Likewise, Jainism has confidence in resurrection thus the outcomes of our Karmas are needy upon our own great and terrible considerations, words and deeds. Each living being is in charge of its own exercises the results of which work out naturally. One can't escape from one's Karmas with the exception of by encountering their outcomes, great or terrible. The Karmas prove to be fruitful and are along these lines in charge of our Karmic bodies.

Ø  Disposing of Kasaya (anger, ego, attachment and greed so forth.) which gather karmas and which prevents one from liberation.
Ø  To be totally detached to the material world and body by not bolstering oneself in some additional conventional circumstances like fatal illness, maturity bringing on insufficiency and so forth.

[1] Acharya Vidhyanand Muni is one of the senior most principal philosopher and a versatile Jain monk who has dedicated his entire life in preaching and practicing the noble concept of nonviolence (Ahimsa) through Jainism.
[2] D.B.Civil Writ Petition No.7414/2006 (PIL), Nikhil Soni V/s Union of India & ors. Date of Order 10.8.2015.

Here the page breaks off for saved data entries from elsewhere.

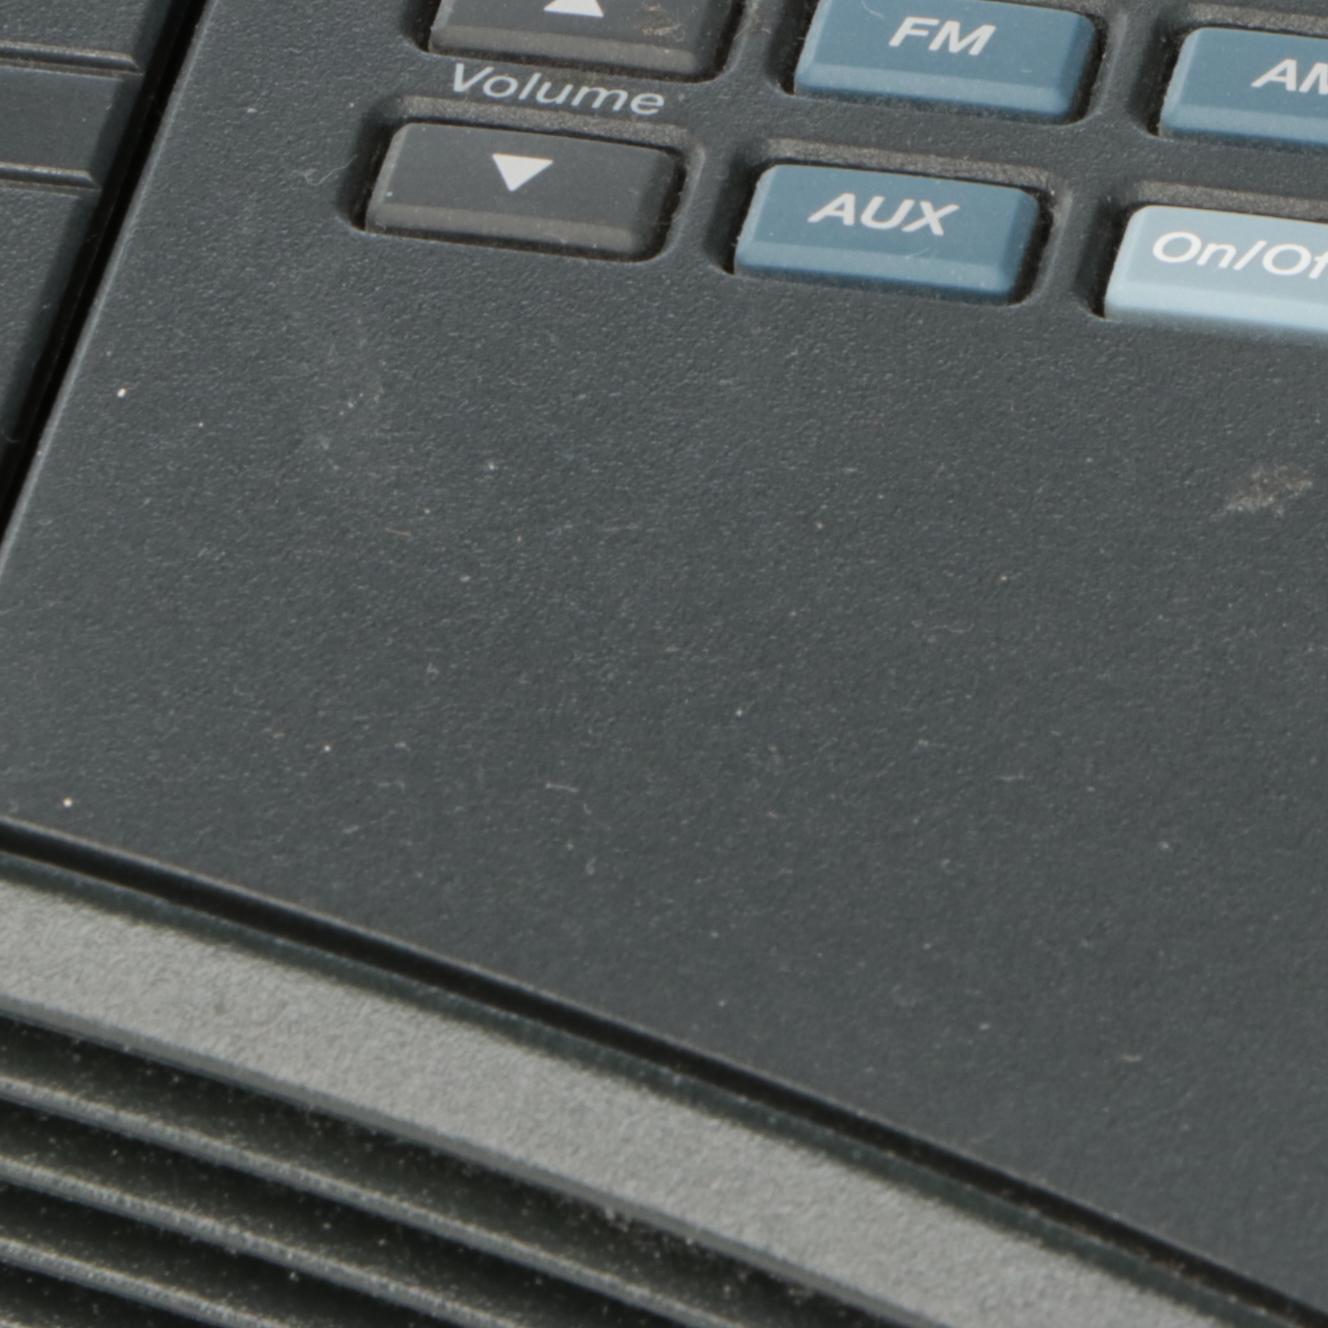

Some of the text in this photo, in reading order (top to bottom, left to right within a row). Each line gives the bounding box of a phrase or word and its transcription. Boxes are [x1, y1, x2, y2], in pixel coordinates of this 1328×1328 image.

[887, 15, 997, 58] FM
[451, 60, 666, 117] Volume
[806, 191, 961, 238] AUX
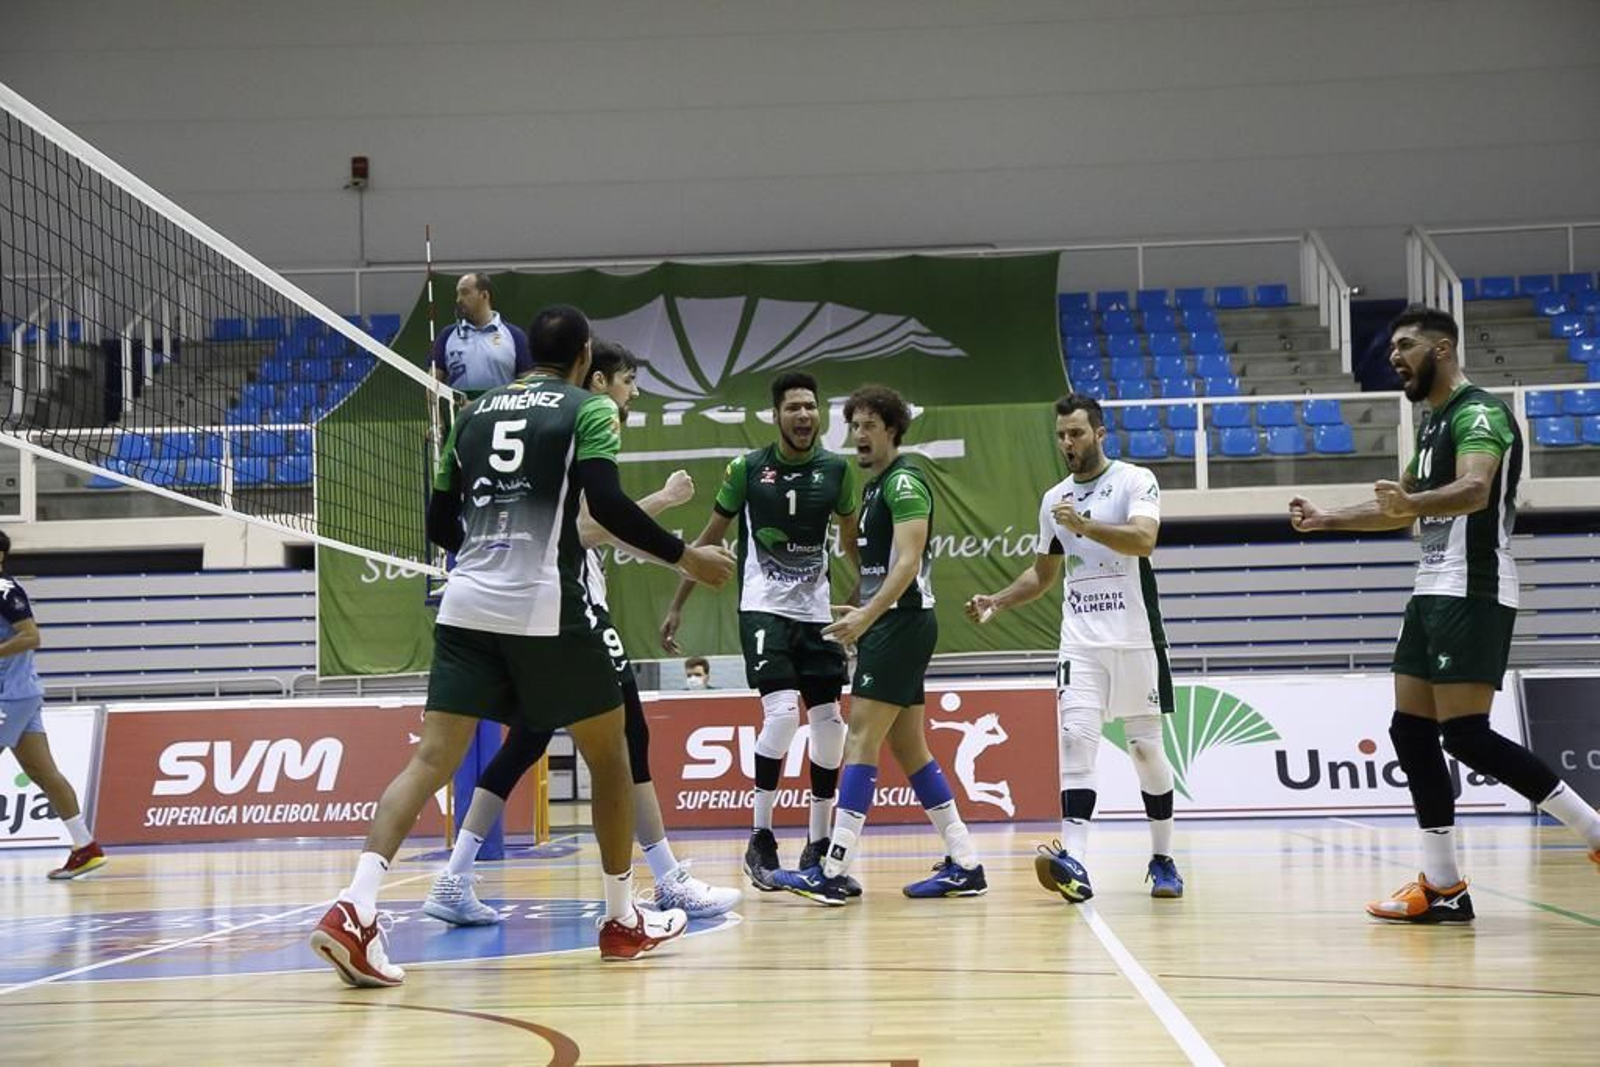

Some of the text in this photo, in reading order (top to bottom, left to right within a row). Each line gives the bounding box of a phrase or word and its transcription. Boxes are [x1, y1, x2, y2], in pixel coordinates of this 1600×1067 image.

[489, 419, 527, 473] 5
[1418, 447, 1433, 480] 10
[785, 490, 796, 516] 1
[930, 526, 1039, 557] mería
[1083, 593, 1110, 602] COSTA
[603, 628, 624, 656] 9
[755, 629, 765, 655] 1
[152, 737, 343, 796] SVM
[676, 790, 755, 809] SUPERLIG
[144, 802, 378, 827] SUPERLIGA VOLEIBOL MASC

[3]AcaryaSivakoti “when there is no rescue, when wild animals approach you, on proper conducive food is attained in famine, when no proper rules of conduct can be followed or when old age appears or when diseases are there, then in such a case it is necessary to take Sallekhana and abandon the body.”
[4] Sallekhana, by Ramesh Chandra Bazal, Flag-G, verses 19 and 20 of Samadhi MahotsavaDeepika.